## About this exercise
Print out each record below, unaltered and complete, without its images.

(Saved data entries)
┄┄┄┄┄┄┄┄┄┄

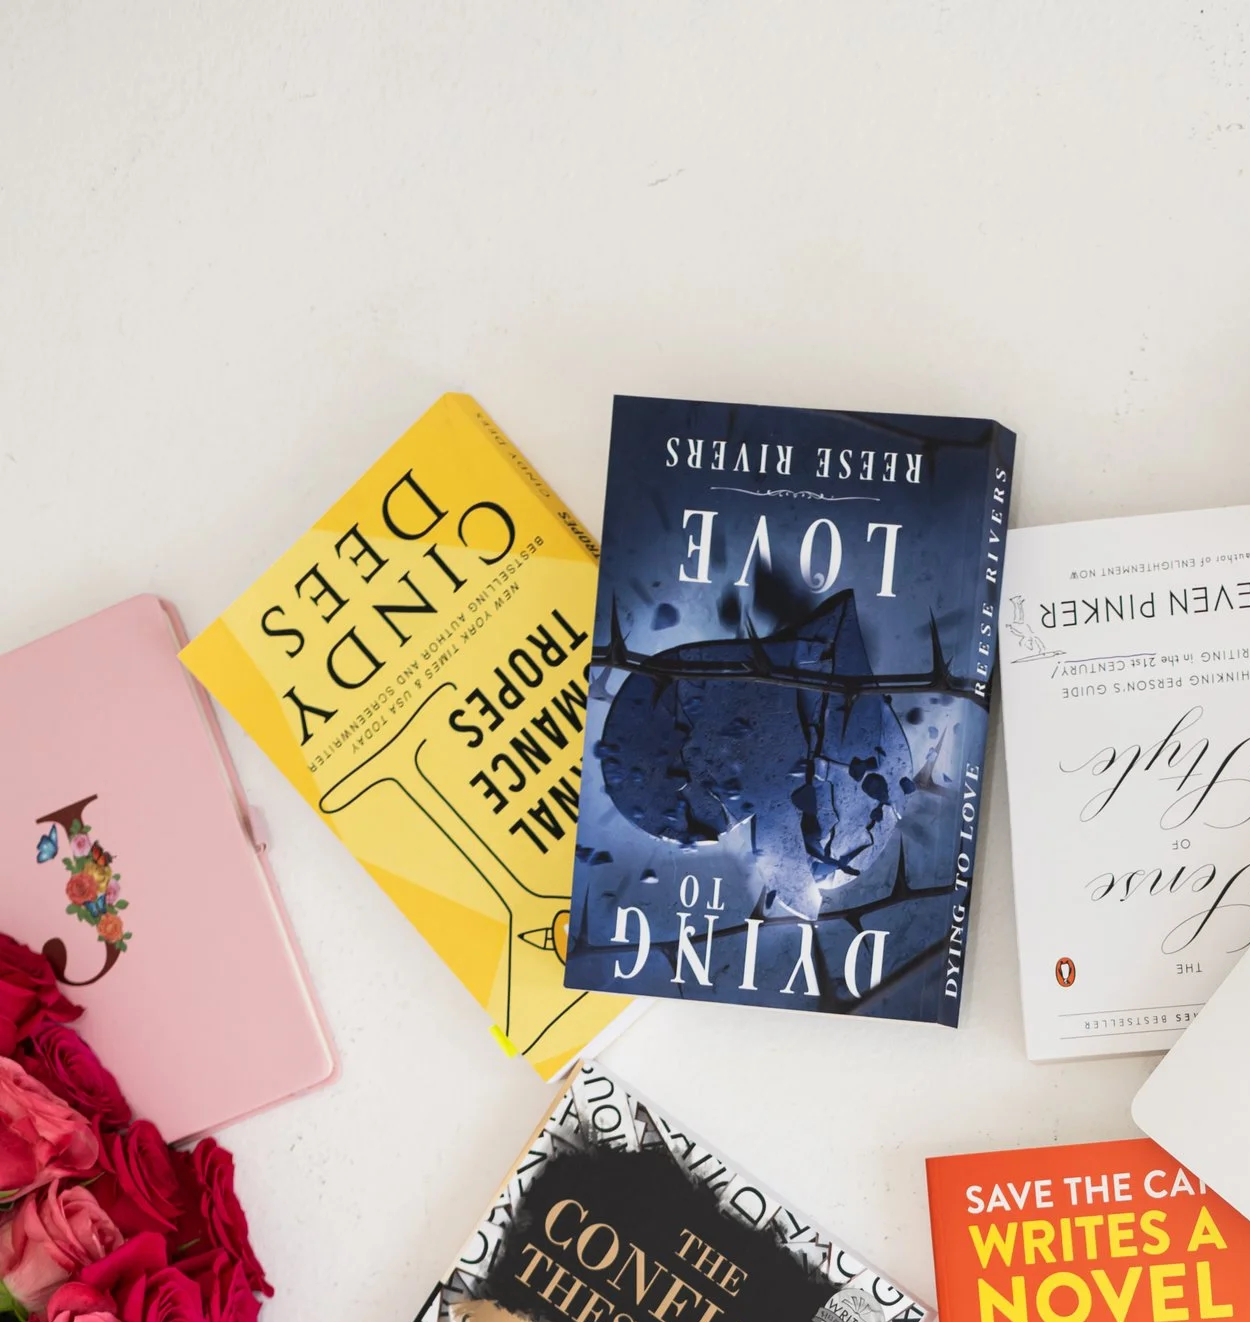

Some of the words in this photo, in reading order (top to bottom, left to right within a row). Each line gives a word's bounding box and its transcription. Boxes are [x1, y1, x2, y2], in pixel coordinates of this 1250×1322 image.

[666, 437, 793, 475] RIVERS
[816, 448, 922, 484] REESE
[261, 468, 449, 659] DEES
[679, 510, 902, 597] LOVE
[1101, 558, 1196, 577] ENLIGHTENMENT
[1200, 556, 1212, 568] of
[1216, 552, 1250, 564] author
[467, 535, 545, 613] BESTSELLING
[974, 603, 993, 700] REESE
[985, 467, 1006, 583] RIVERS
[1070, 569, 1096, 580] NOW
[494, 581, 520, 610] NEW
[1039, 592, 1156, 629] PINKER
[282, 501, 516, 747] CINDY
[421, 612, 466, 661] AUTHOR
[460, 610, 492, 644] YORK
[396, 660, 419, 685] AND
[424, 644, 460, 680] TIMES
[1130, 657, 1156, 668] 21st
[1160, 654, 1180, 667] the
[1183, 653, 1194, 664] in
[414, 678, 422, 689] &
[448, 608, 589, 748] TROPES
[1062, 684, 1107, 699] GUIDE
[1113, 677, 1183, 694] PERSON'S
[389, 690, 412, 715] USA
[303, 685, 395, 775] SCREENWRITER
[351, 715, 388, 754] TODAY
[959, 762, 980, 840] LOVE
[1172, 838, 1191, 851] OF
[954, 852, 970, 891] TO
[679, 874, 725, 910] TO
[612, 901, 888, 998] DYING
[944, 905, 966, 998] DYING
[1176, 962, 1203, 975] THE
[1085, 1014, 1168, 1030] BESTSELLER
[965, 1179, 1054, 1215] SAVE
[1063, 1172, 1133, 1206] THE
[968, 1209, 1171, 1269] WRITES
[1187, 1205, 1228, 1252] A
[675, 1228, 748, 1297] THE

┄┄┄┄┄┄┄┄┄┄

## Solution for this exercise
Some of the words in this photo, in reading order (top to bottom, left to right within a row). Each line gives a word's bounding box and its transcription. Boxes are [x1, y1, x2, y2], in pixel coordinates of this 1250×1322 image.

[666, 437, 793, 475] RIVERS
[816, 448, 922, 484] REESE
[261, 468, 449, 659] DEES
[679, 510, 902, 597] LOVE
[1101, 558, 1196, 577] ENLIGHTENMENT
[1200, 556, 1212, 568] of
[1216, 552, 1250, 564] author
[467, 535, 545, 613] BESTSELLING
[974, 603, 993, 700] REESE
[985, 467, 1006, 583] RIVERS
[1070, 569, 1096, 580] NOW
[494, 581, 520, 610] NEW
[1039, 592, 1156, 629] PINKER
[282, 501, 516, 747] CINDY
[421, 612, 466, 661] AUTHOR
[460, 610, 492, 644] YORK
[396, 660, 419, 685] AND
[424, 644, 460, 680] TIMES
[1130, 657, 1156, 668] 21st
[1160, 654, 1180, 667] the
[1183, 653, 1194, 664] in
[414, 678, 422, 689] &
[448, 608, 589, 748] TROPES
[1062, 684, 1107, 699] GUIDE
[1113, 677, 1183, 694] PERSON'S
[389, 690, 412, 715] USA
[303, 685, 395, 775] SCREENWRITER
[351, 715, 388, 754] TODAY
[959, 762, 980, 840] LOVE
[1172, 838, 1191, 851] OF
[954, 852, 970, 891] TO
[679, 874, 725, 910] TO
[612, 901, 888, 998] DYING
[944, 905, 966, 998] DYING
[1176, 962, 1203, 975] THE
[1085, 1014, 1168, 1030] BESTSELLER
[965, 1179, 1054, 1215] SAVE
[1063, 1172, 1133, 1206] THE
[968, 1209, 1171, 1269] WRITES
[1187, 1205, 1228, 1252] A
[675, 1228, 748, 1297] THE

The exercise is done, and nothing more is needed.